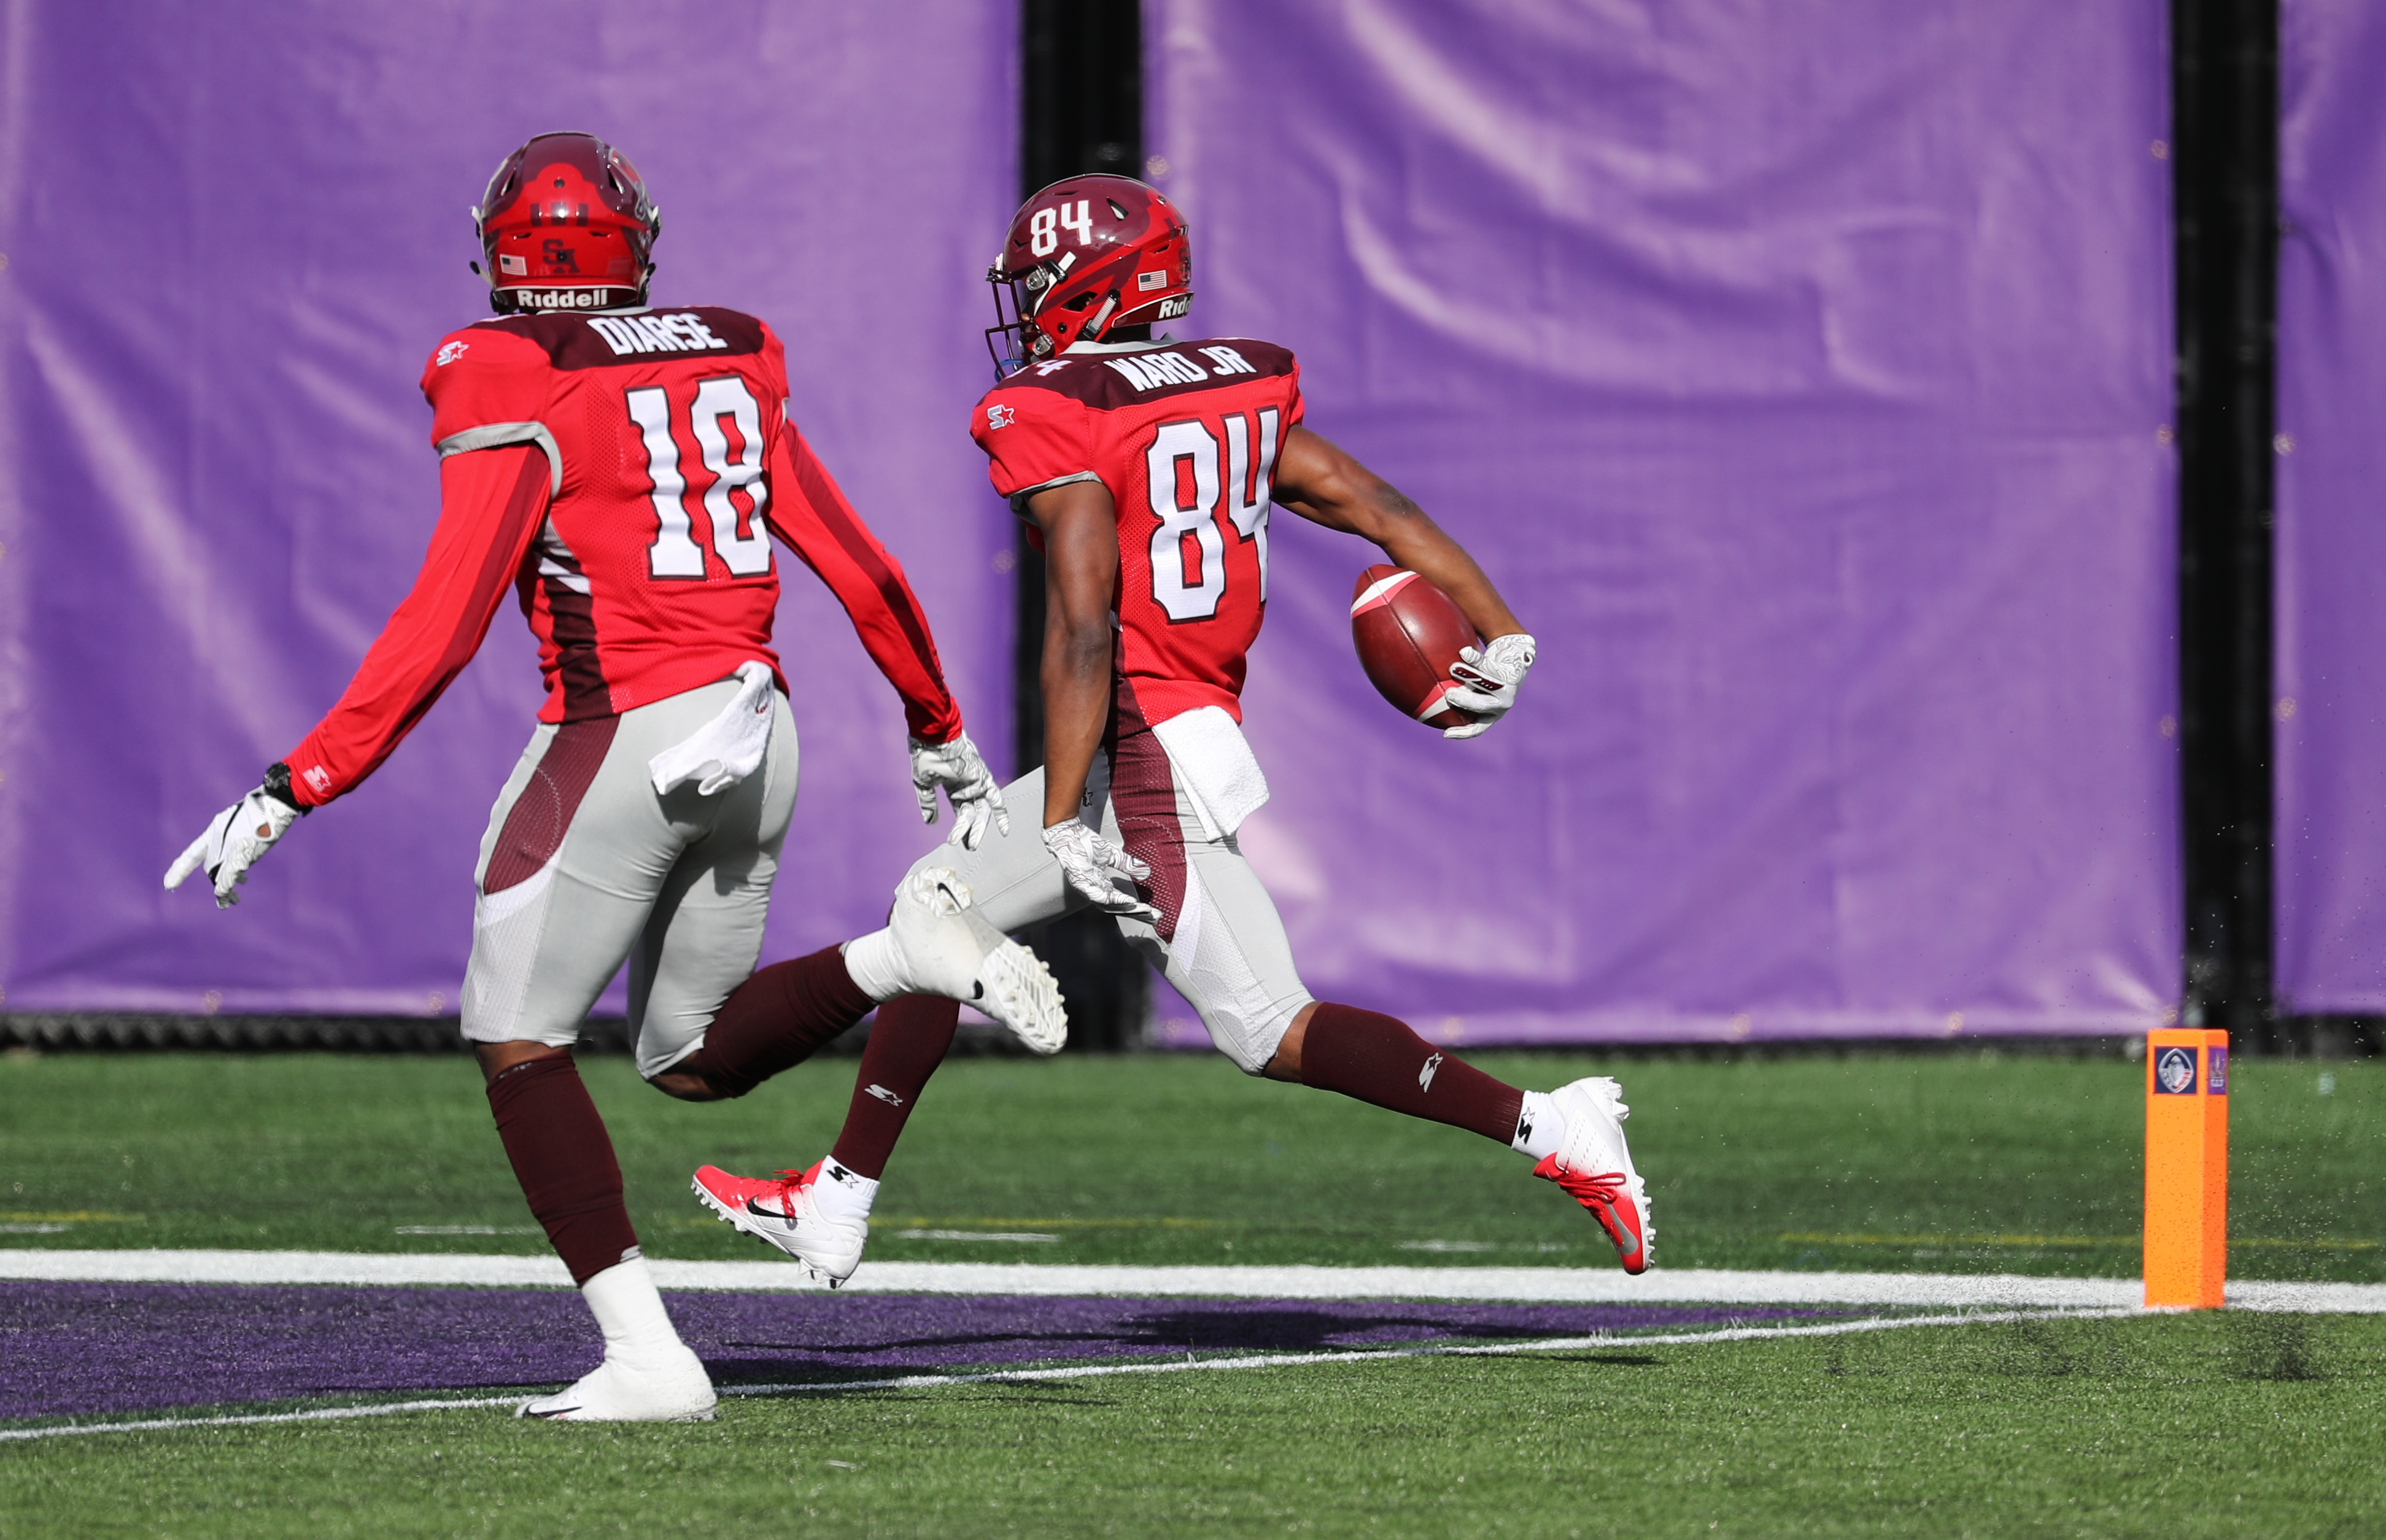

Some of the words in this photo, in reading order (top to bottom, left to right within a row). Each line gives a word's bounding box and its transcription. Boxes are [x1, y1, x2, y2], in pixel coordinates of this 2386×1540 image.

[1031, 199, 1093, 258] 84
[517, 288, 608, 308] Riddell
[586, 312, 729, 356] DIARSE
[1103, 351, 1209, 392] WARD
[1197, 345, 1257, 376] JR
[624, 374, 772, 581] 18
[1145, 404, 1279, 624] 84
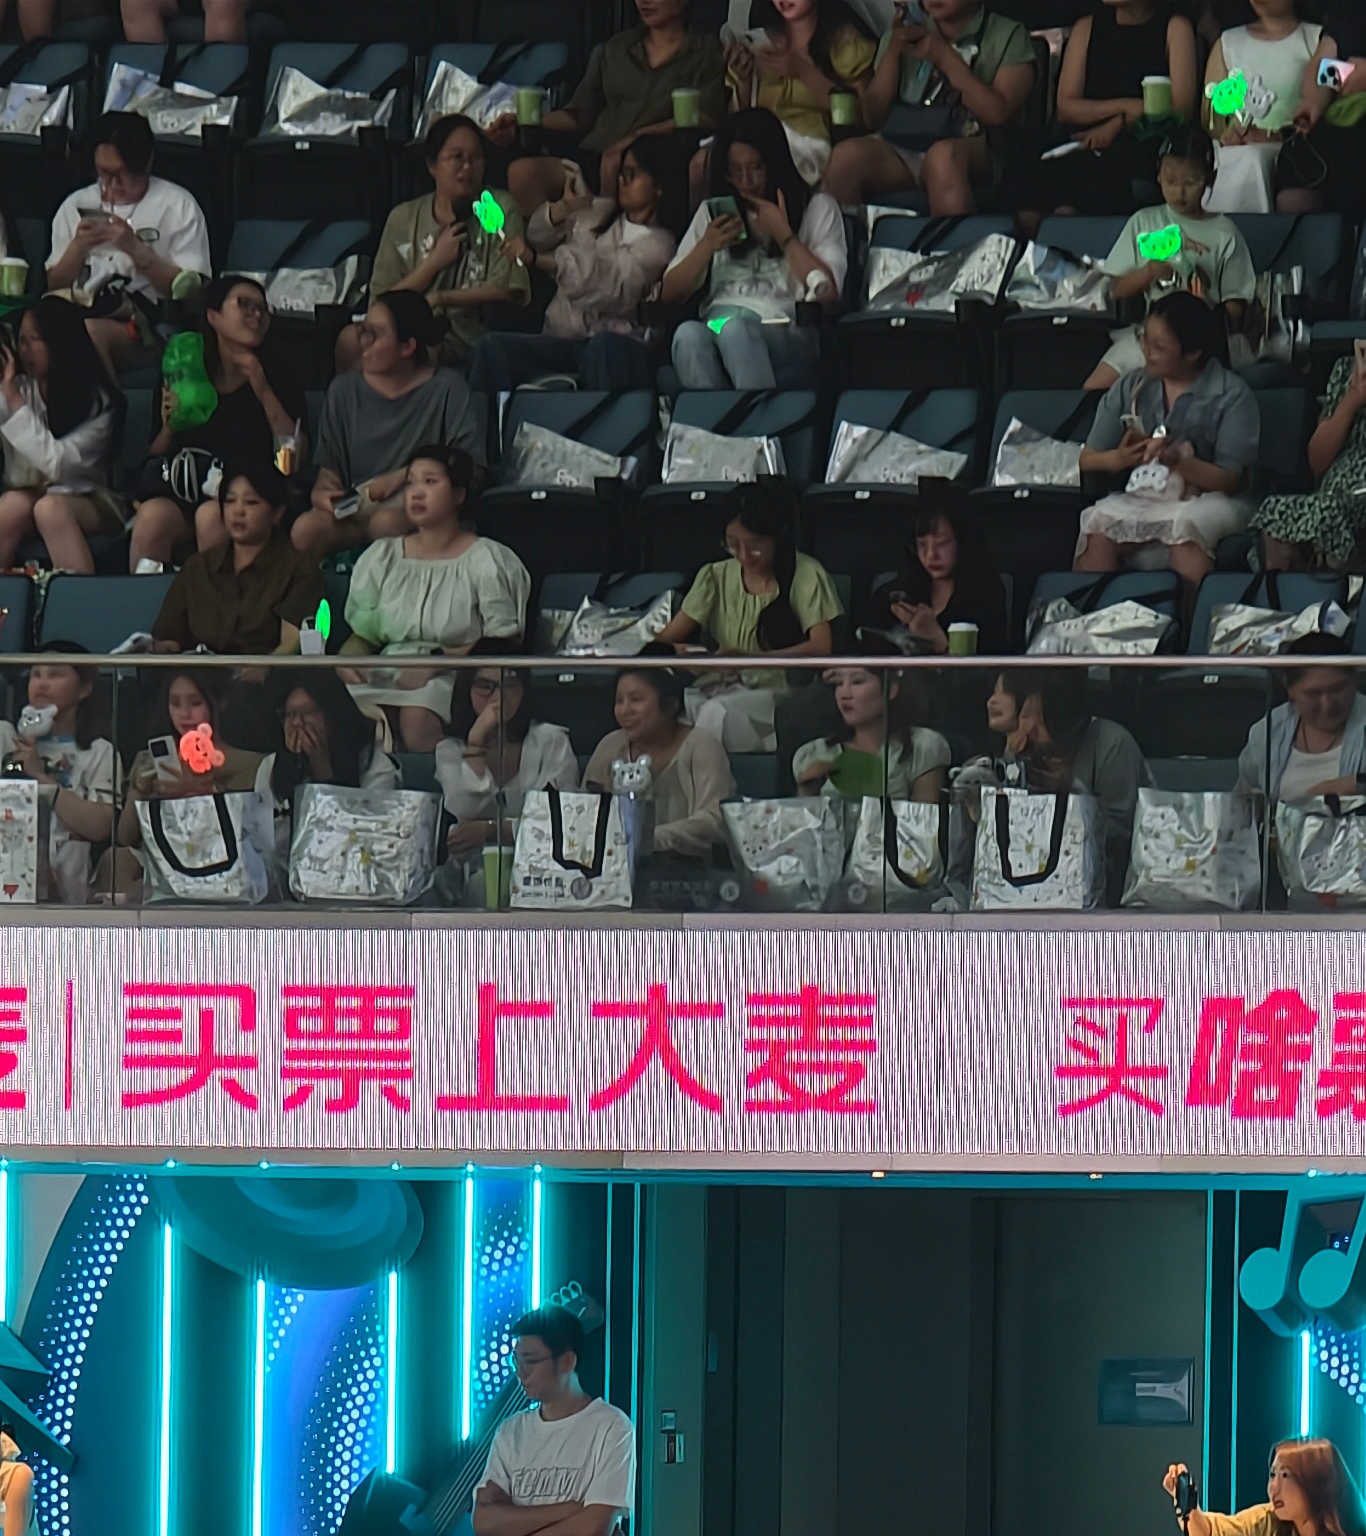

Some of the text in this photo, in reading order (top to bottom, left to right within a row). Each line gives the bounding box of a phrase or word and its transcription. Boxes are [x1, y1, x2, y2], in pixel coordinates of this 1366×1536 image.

──────

● TASK BRIEF: Return the full set of lines above word for word and with no pictures.

● RESPONSE:
Some of the words in this photo, in reading order (top to bottom, left to right within a row). Each line gives a word's bounding box and its transcription. Boxes are [x1, y1, x2, y2], in pixel coordinates of this 2386×1540 image.

[1031, 199, 1093, 258] 84
[517, 288, 608, 308] Riddell
[586, 312, 729, 356] DIARSE
[1103, 351, 1209, 392] WARD
[1197, 345, 1257, 376] JR
[624, 374, 772, 581] 18
[1145, 404, 1279, 624] 84

Some of the text in this photo, in reading order (top to bottom, left to right within a row). Each line gives the bounding box of a phrase or word and its transcription. Boxes are [x1, y1, x2, y2], in pixel coordinates of this 1366×1536 image.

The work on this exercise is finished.